29 November 2015

Something about the heat this year


by James Grinwis

Snapshot with Wolf

Wolf made of gems.
Wolf made of alligator scales,
pine wood, and gems.
Like a length of gristle,
a lanky cartilage, loveliness,
the wolf. A strand of grit
attached to bone, a heart made of
love-pulp encased in a boot. Something
about the heat this year, the way
it curdles the armpits
and the spaces between fingers,
other spots. Something about
losing the whole of one's work
because of an accident
and feeling no desire at all
to embark on it again,
opening the skull
to a fullness of missing.
*
Inside the wolf's belly,
it is warm: yellow adobe
covered with small, colorful sculptures,
Klezmer and Bedouin music,
the little booths occupied by,
in alternating time,
heavy drinkers, emaciated
insomniacs, desperate office workers,
pipe fitters, tea afficionados.

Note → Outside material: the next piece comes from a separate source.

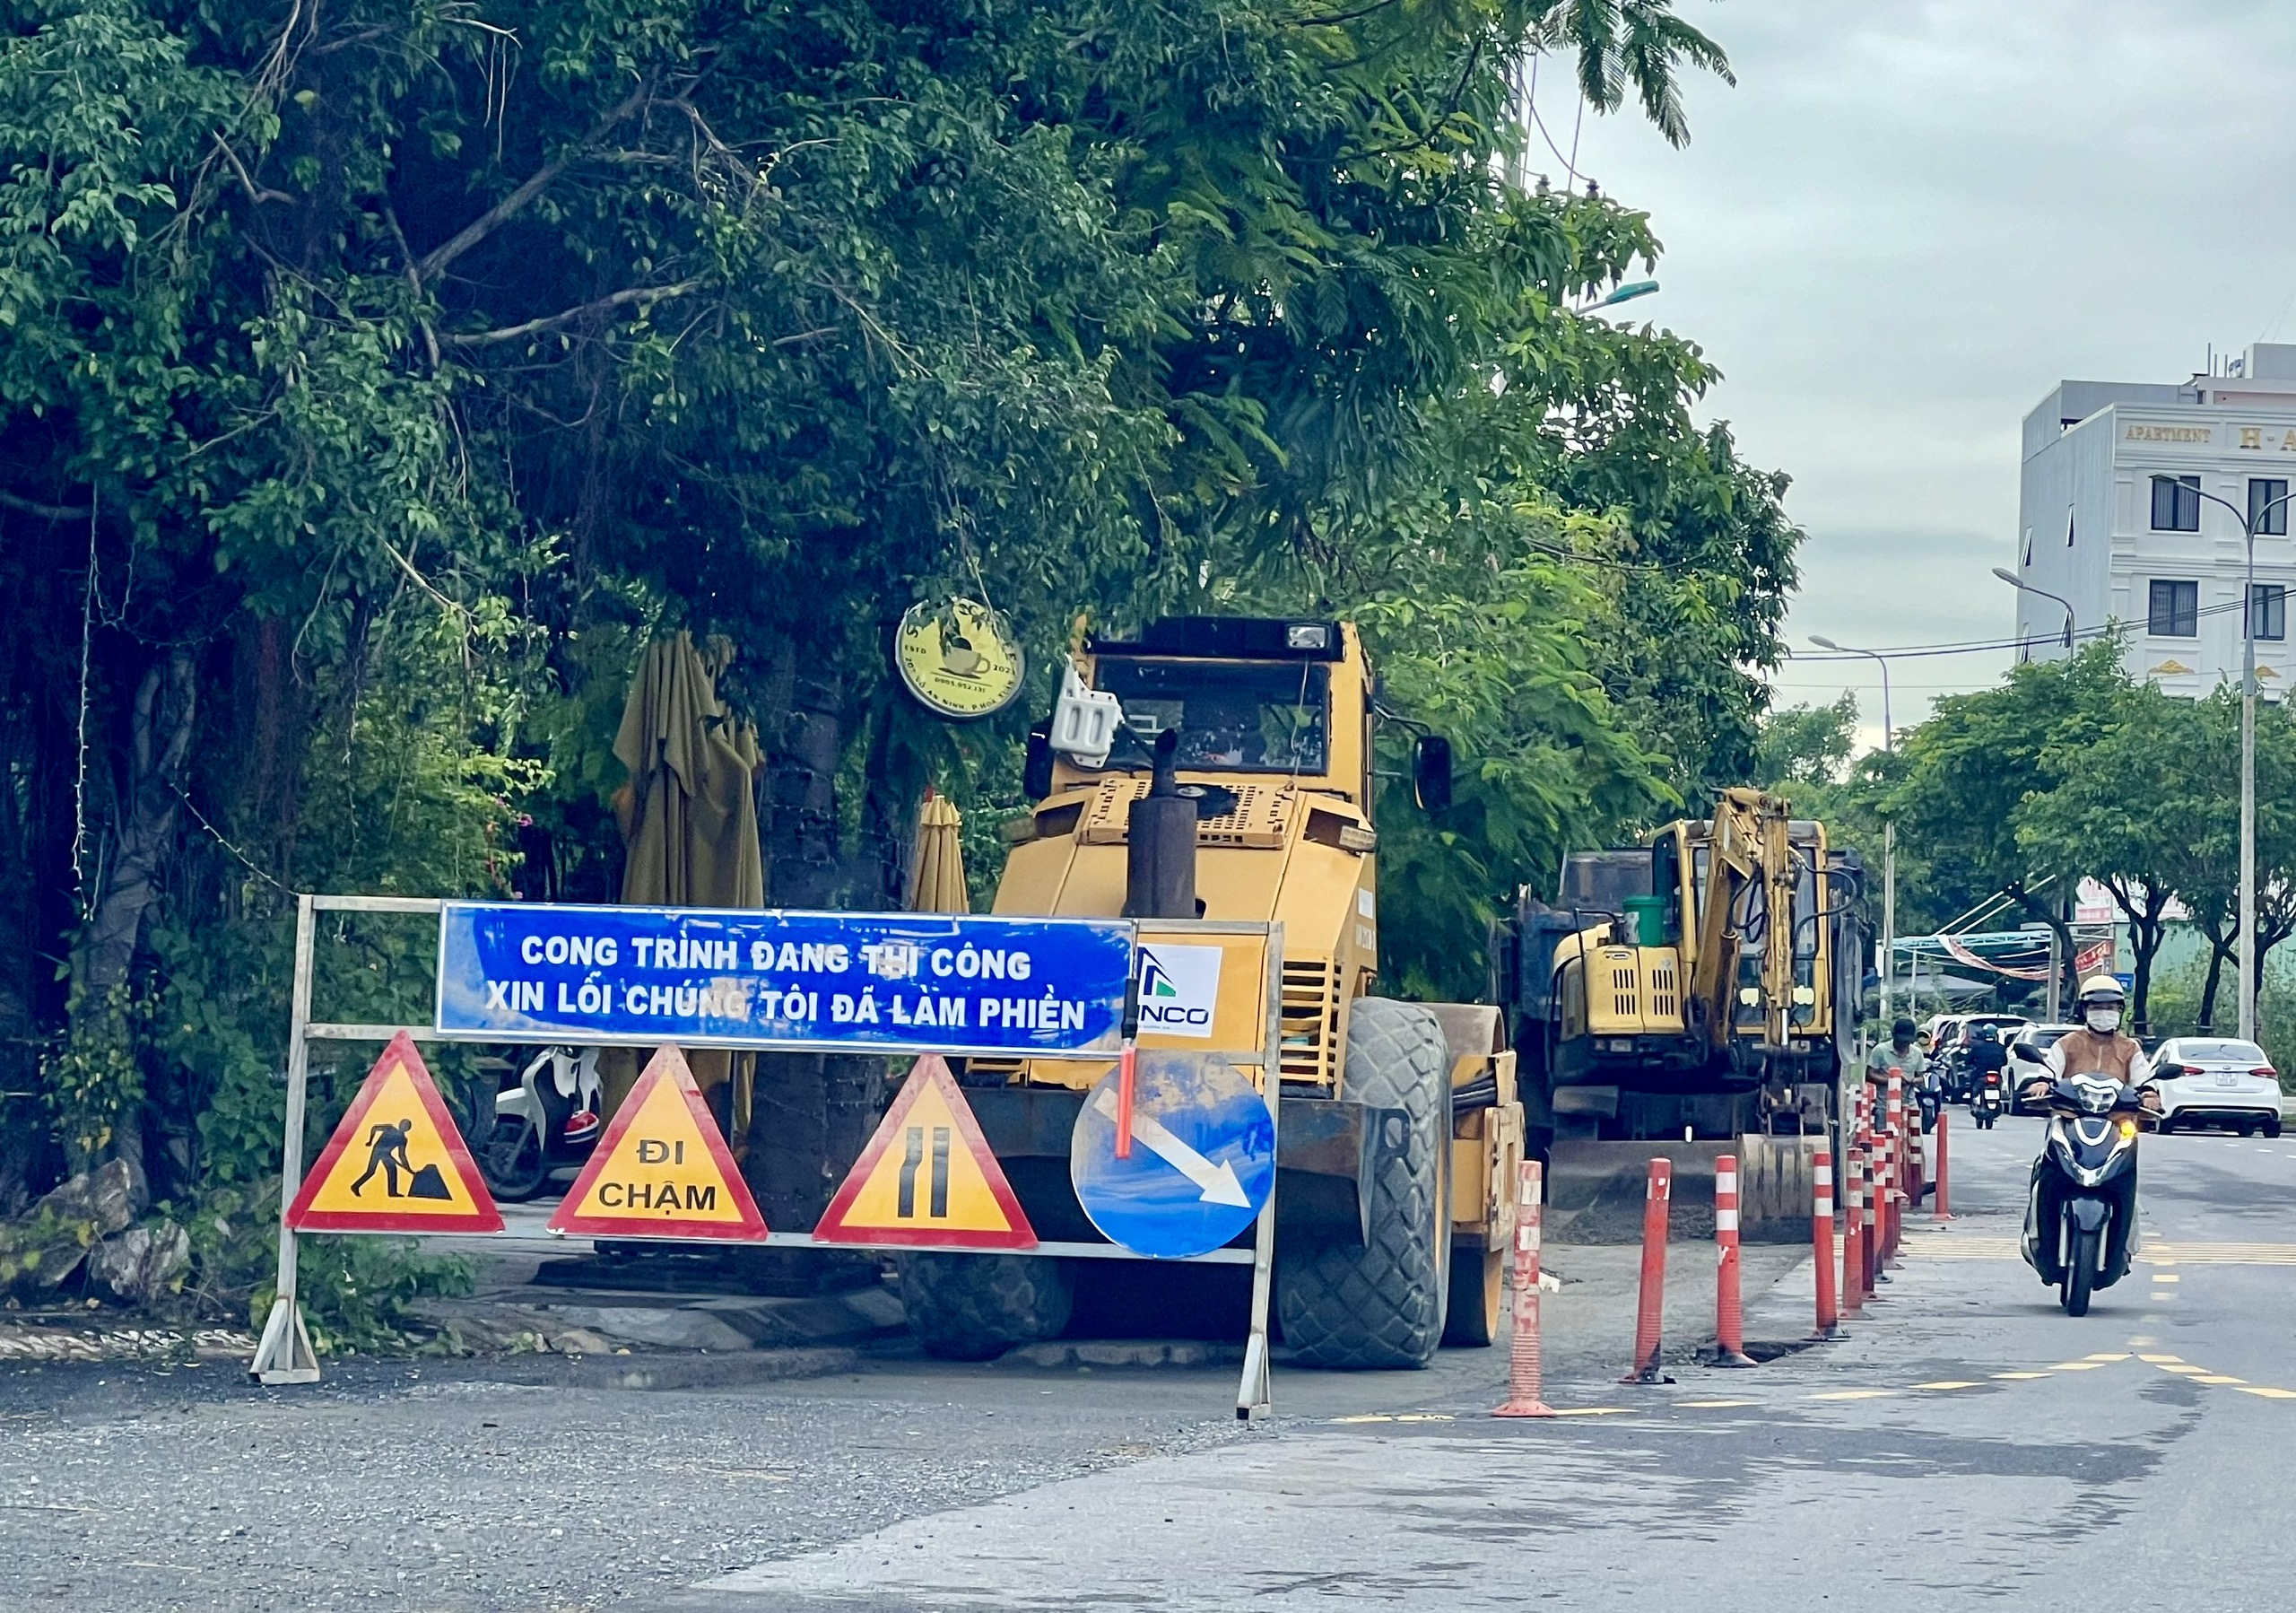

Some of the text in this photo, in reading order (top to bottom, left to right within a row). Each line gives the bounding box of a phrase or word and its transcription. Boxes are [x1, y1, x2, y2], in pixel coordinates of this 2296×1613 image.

Those with
massive schedules and those
with no sensitivity to such.
A little crate full of toys
occupies one corner,
on a shelf far above the others,
the old shotgun full of buckshot
which has not been used for years;
a museum piece, a lichened rock.
*
The landscape melts.
I am feeding on small things
scurrying along dusty canals in the landscape,
to become an appendage
of the wolf, placentally attached,
waiting for a sun spike
to nudge all the plants and stuff
up from frozen sleep.



From The American Poetry Review, November/December 2015.







No comments:

Post a Comment

No Anonymous comments, please.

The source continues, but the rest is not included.